In July of this year, University of Pennsylvania law professor Amy Wax gave a speech on immigration at the National Conservatism Conference in Washington. The substance of Wax’s speech caused controversy, with liberals and some conservatives claiming that her argument for a European preference for future immigrants was racist. What has been missed in the discussion of Wax’s remarks is that portions of her rhetoric actually do have origins with white nationalists and virulent racists.
Before getting to the racist ideas behind Wax’s speech, it might be helpful to take a look at a conservative response. Rod Dreher of The American Conservative concluded, at least on first consideration, that Wax’s comments were not racist. The essence of Dreher’s argument is that there may be valid reasons to restrict immigration from “non-Western” countries, and those restrictions would have an effect on the number of non-white immigrants that entered the country. Because of this effect of the policies, he contends, they are considered racist and even discussing whether they have merit or not is disallowed or at the very least extremely difficult.
Dreher claims that Wax’s argument is debatable, “but one of Wax’s points is that we can’t even talk about it, because it is widely assumed that any immigration system that results in disproportionate racial impact is racist and therefore bad.” This seems false on it’s face. Not only are immigration restrictions that would limit the number of non-white immigrants freely discussed, they are being actively implemented by the Trump administration. To be sure, these policies are called racist, but this has so far not imperiled discussion or even enactment.

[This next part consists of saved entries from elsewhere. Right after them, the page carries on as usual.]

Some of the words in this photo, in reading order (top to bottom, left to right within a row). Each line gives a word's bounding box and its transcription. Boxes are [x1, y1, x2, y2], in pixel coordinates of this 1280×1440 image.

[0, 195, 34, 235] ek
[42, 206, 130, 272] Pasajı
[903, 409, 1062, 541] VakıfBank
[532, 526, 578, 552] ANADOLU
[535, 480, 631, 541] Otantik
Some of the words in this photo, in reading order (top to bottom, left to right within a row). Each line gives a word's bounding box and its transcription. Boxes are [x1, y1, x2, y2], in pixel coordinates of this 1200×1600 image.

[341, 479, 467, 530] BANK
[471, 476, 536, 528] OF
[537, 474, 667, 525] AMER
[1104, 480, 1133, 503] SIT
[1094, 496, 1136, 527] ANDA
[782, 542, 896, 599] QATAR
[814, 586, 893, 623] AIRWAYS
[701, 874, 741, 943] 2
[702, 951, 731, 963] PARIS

What Dreher and other defenders of Wax’s speech miss is that the only means by which racists and white nationalists can achieve their goal is by the indirect method of designing policies that result in a “disproportionate racial impact.” Any proposal that results in such an impact is immediately suspect, as it should be. If we can agree that racism is bad — and I think that Dreher agrees with that premise — then applying strict scrutiny to these ideas is worthwhile.
So how do Wax’s ideas fair when we apply this level of scrutiny? Not well at all.

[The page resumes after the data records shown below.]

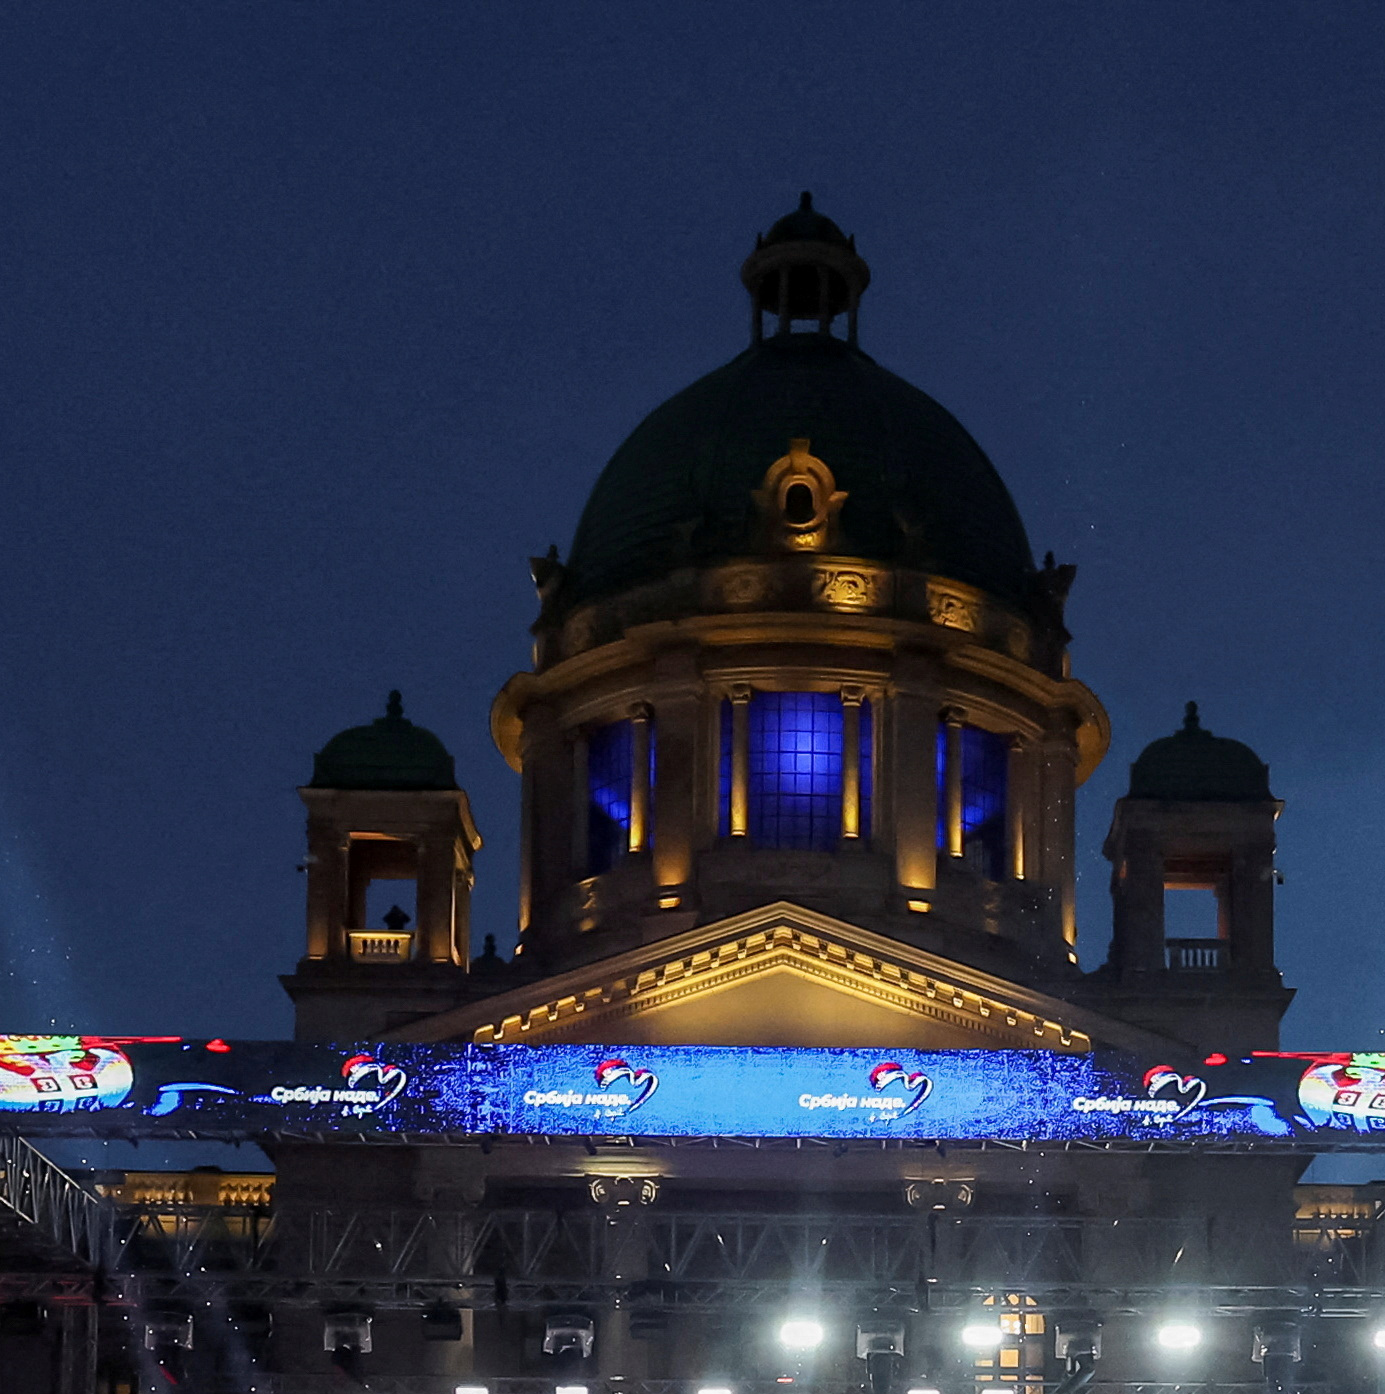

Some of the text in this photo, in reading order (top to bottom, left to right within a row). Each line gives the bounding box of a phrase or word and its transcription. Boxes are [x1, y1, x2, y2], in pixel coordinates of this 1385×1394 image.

[271, 1086, 331, 1104] Србија
[523, 1089, 583, 1107] Србија
[798, 1093, 857, 1110] Србија
[1073, 1095, 1131, 1113] Србија
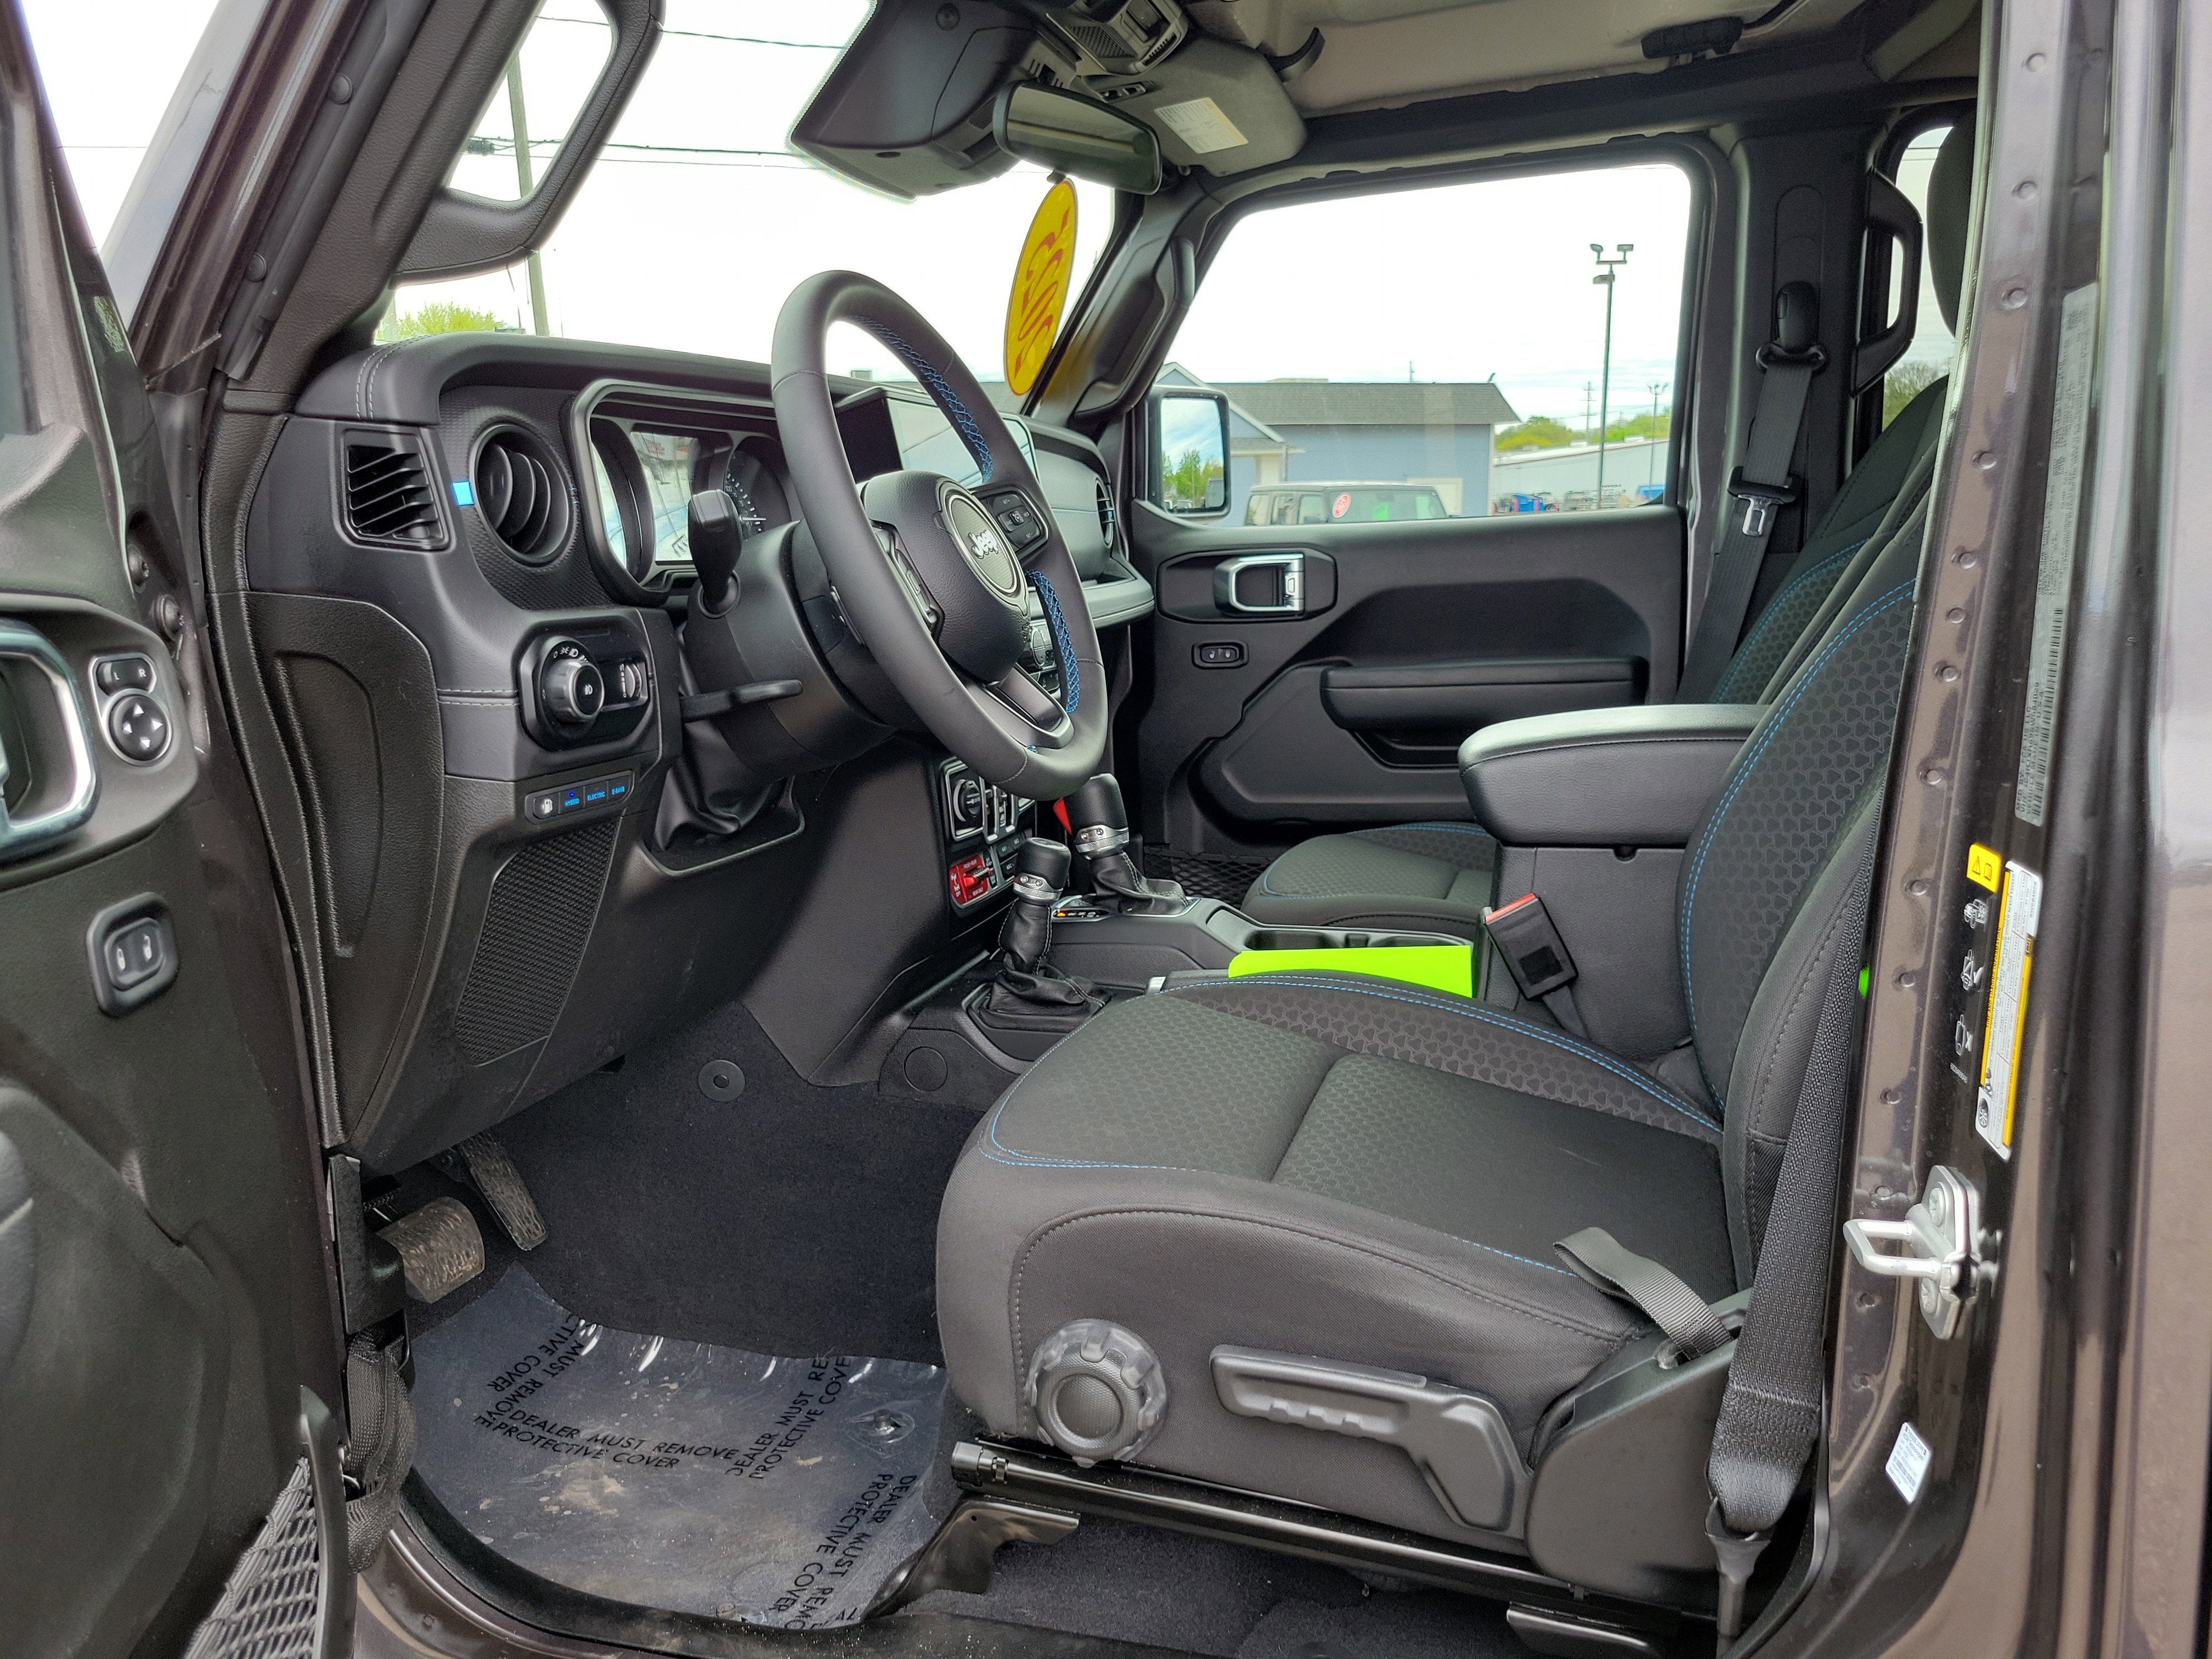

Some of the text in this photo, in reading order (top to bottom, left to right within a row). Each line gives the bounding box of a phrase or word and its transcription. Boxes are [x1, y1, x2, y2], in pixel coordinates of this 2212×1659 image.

[968, 528, 1000, 558] Jeep
[113, 668, 147, 681] L R
[586, 791, 606, 801] ELECTRIC
[475, 1340, 584, 1427] MUST REMOVE
[487, 1355, 540, 1392] COVER
[775, 1391, 814, 1425] MUST
[493, 1421, 680, 1468] PROTECTIVE COVER
[509, 1410, 739, 1459] DEALER MUST REMOVE
[749, 1409, 825, 1479] PROTECTIVE
[816, 1474, 893, 1554] PROTECTIVE
[867, 1475, 918, 1523] DEALER
[829, 1532, 872, 1577] MUST
[769, 1562, 823, 1612] COVER

An excerpt of Wax’s speech with highlighted passages has been posted and reposted to Twitter in order to illustrate Wax’s racism, but my attention was caught by a phrase which wasn’t highlighted. She claims that the fear of being called racist “leads conservatives to avoid talking about cultural distance, or questioning the happy fantasy of ‘magic dirt’…” It is this last phrase, “magic dirt,” that raises concerns.

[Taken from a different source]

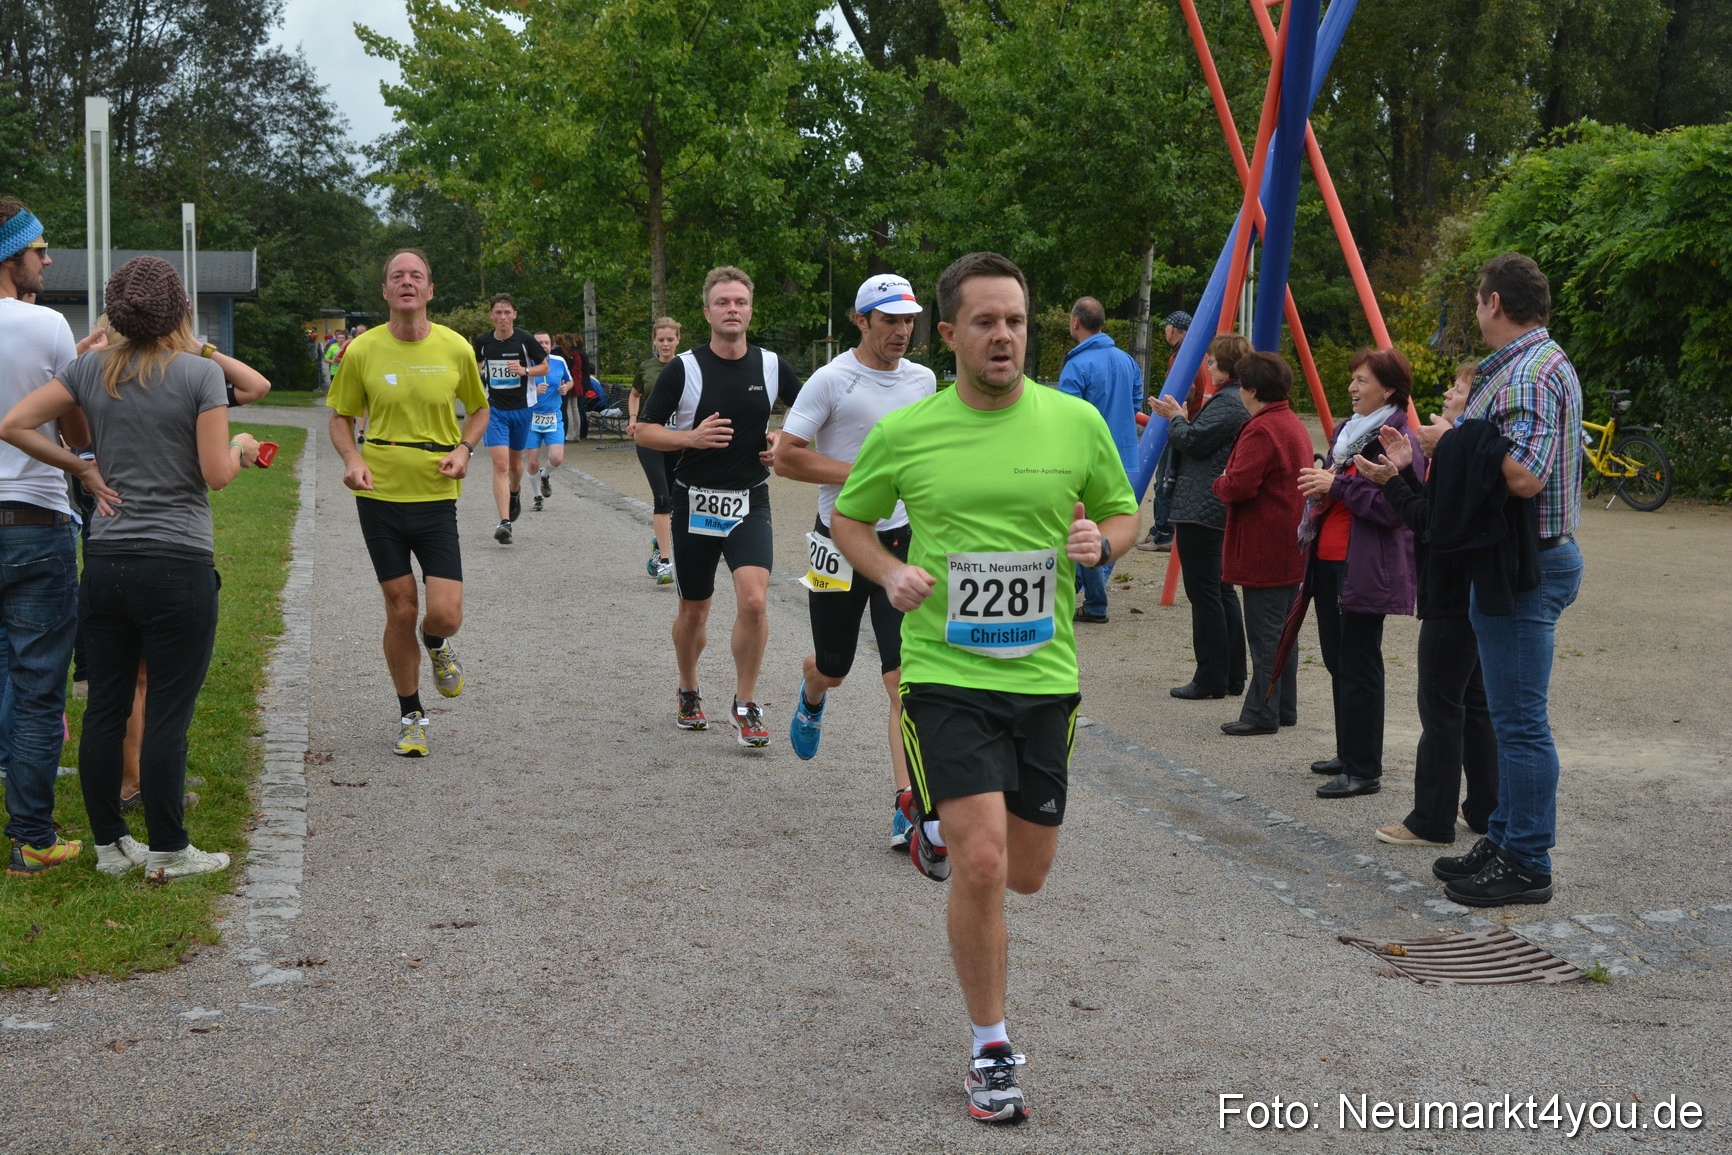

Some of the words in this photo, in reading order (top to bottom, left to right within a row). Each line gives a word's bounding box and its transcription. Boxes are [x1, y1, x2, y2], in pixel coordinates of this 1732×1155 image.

The phrase “magic dirt theory” ridicules the idea that a nonwhite immigrant can move to America, become a citizen and contribute productively to American society. Those who use this phrase argue that ethnicity and culture are the things that define a nation, and that nonwhites are biologically unable to adopt American culture. Perhaps for conservatives like Dreher the racism inherent in this belief is not readily apparent.
The term’s origin may offer some insight here. As far as I can determine, the first use of the phrase “magic dirt theory” was made in October, 2015 by writer and publisher Vox Day. Day, whose real name is Theodore Beale, is a self-described member of the Alt-Right who has often made inflammatory statements. In a post defining the Alt Right, Day made sure to add the so-called “14-words,” a common white nationalist slogan coined by convicted terrorist David Lane. Day has also referred to Anders Breivik, Norwegian mass murderer and white nationalist, as a “Saint” while praising Breivik’s crimes as a “highly effective blow” against the political machine that he believes is destroying the west. Both Day and Breivik adhere to the “white genocide” conspiracy theory that also inspired mass murders at a synagogue in Pittsburgh and a mosque in Christchurch.
Day’s “magic dirt” phrasing was soon adopted and spread by John Derbyshire, a columnist for the white nationalist website VDARE. Derbyshire was famously fired from his position at The National Review for his controversial views on race. In an article covering the Wax controversy, Zach Beauchamp notes Derbyshire as a vector for the spread of the “magic dirt” phrase. He also notes that Wax praised Derbyshire by name.
I would argue that Wax’s connections with open racists and her adoption of what amounts to a white nationalist talking point, demonstrate conclusively that her concerns about immigration stem from a racism that she is either wholly ignorant that she possesses, or one that she is sloppily trying to conceal. Conservatives like Dreher should realize that rarely do the policy goals of white nationalists and conservative pundits align by mere chance alone. The right wing is, unfortunately, awash in rhetoric that is distinguishable from that found in venues like Stormfront only by its ability to present an argument slur-free. Dreher should know about these not-so-hidden bigots of the conservative movement. After all, Ron Unz, a former editor of the magazine that Dreher edits recently published open Holocaust denial and antisemitism. It might be worthwhile for the good conservatives — and I hope Dreher is one — to pay closer attention. All of us could benefit from such vigilance.